IMAGO/Xinhua/Li Ying

La vague coréenne déborde

Tout d’abord, les drames romantiques K-Pop et coréens se sont installés dans les pays asiatiques voisins. Et ici?

Les séries d’horreur avec des monstres et des zombies sont particulièrement importantes pour nous, selon le monteur de films SRF Enno Reins. “Les films et séries coréens sont un étrange mélange de violence, de comédie, de suspense et d’aspiration.” Le monde du cinéma coréen n’a pas peur de combiner différents genres.

Critique sociale brutale

Les très grandes percées viennent ici avec des histoires que vous avez à peine envie de regarder. La télévision sud-coréenne est en fait très stricte en matière de scènes de violence et de sexe, selon Enno Reins : “Avec les services de streaming, les créateurs peuvent désormais oser plus, comme l’ont déjà montré des cinéastes comme Bong Joon-ho et Park Chan-wook. . »

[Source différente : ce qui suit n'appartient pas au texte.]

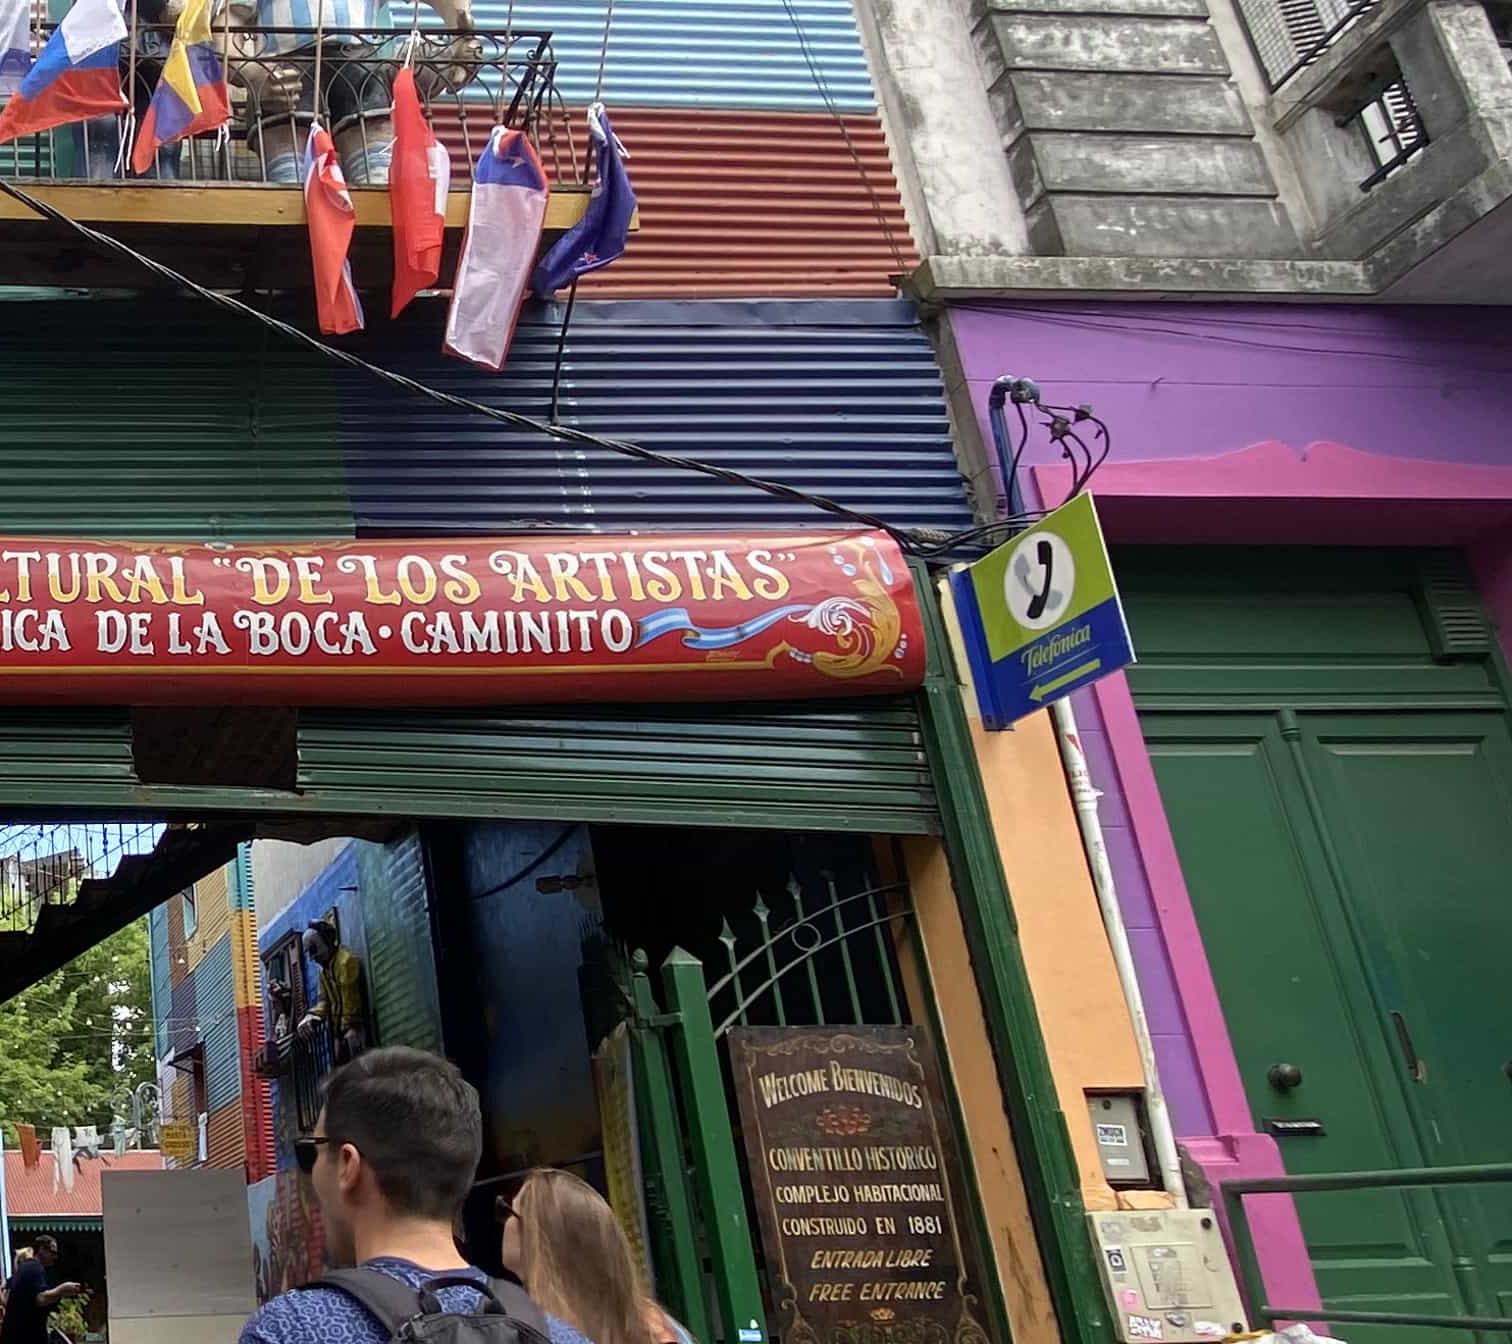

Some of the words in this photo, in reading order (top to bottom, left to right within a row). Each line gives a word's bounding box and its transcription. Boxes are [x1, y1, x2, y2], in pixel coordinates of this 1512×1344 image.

[336, 554, 481, 605] LOS
[95, 609, 155, 655] DE
[168, 611, 232, 655] LA
[401, 608, 633, 655] CAMINITO
[758, 1067, 830, 1109] WELCOME
[830, 1060, 923, 1110] BIENVENIDOS
[769, 1146, 863, 1172] CONVENTILLO
[864, 1145, 937, 1171] HISTORICO
[776, 1184, 850, 1204] COMPLEJO
[853, 1183, 945, 1203] HABITACIONAL
[782, 1216, 868, 1237] CONSTRUIDO
[876, 1216, 896, 1235] EN
[908, 1215, 943, 1235] 1881
[810, 1249, 886, 1269] ENTRADA
[885, 1248, 934, 1267] LIBRE
[808, 1282, 855, 1302] FREE
[859, 1280, 946, 1302] ENTRANCE
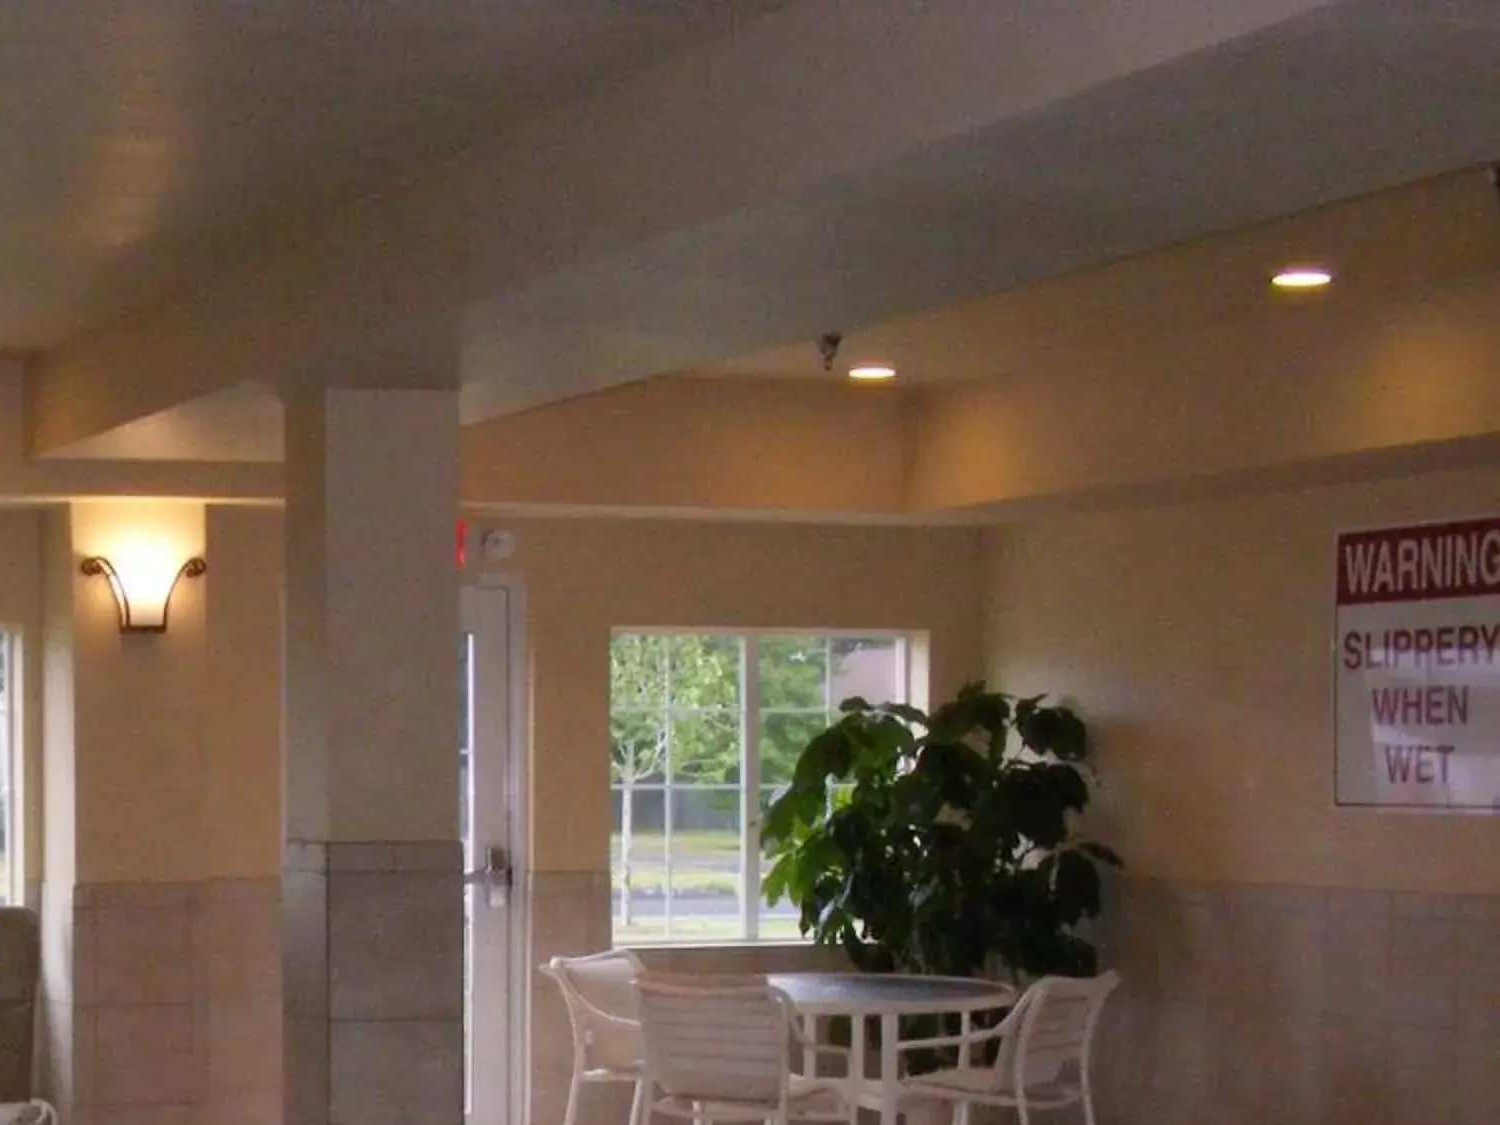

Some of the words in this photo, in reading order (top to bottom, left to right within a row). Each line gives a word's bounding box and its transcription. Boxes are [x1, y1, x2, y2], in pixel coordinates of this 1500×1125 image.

[1343, 623, 1500, 670] SLIPPERY
[1372, 685, 1469, 726] WHEN
[1384, 745, 1455, 784] WET

La critique sociale est souvent brutale. L’intimidation, les contraintes sociales et les inégalités sont des problèmes qui façonnent la vie en Corée du Sud. Mais ils se déplacent également à l’échelle mondiale et assurent – avec des rebondissements sophistiqués, des jeux d’acteurs forts et des scènes de violence – des films et des séries qui sont populaires dans le monde entier.

“Parasite” est une critique des différences de classe, dans “Squid Game” des millionnaires jouent avec la dette des pauvres. Il y a même des critiques sociales dans la série de zombies “All of Us Are Dead”: Le virus était à l’origine censé rendre plus fort le fils d’un professeur de biologie, qui a été victime d’intimidation presque à mort. Après le déclenchement de la pandémie de zombies, le père a dit sèchement : « Les forts déchirent maintenant les faibles. Cela arrive tout le temps.”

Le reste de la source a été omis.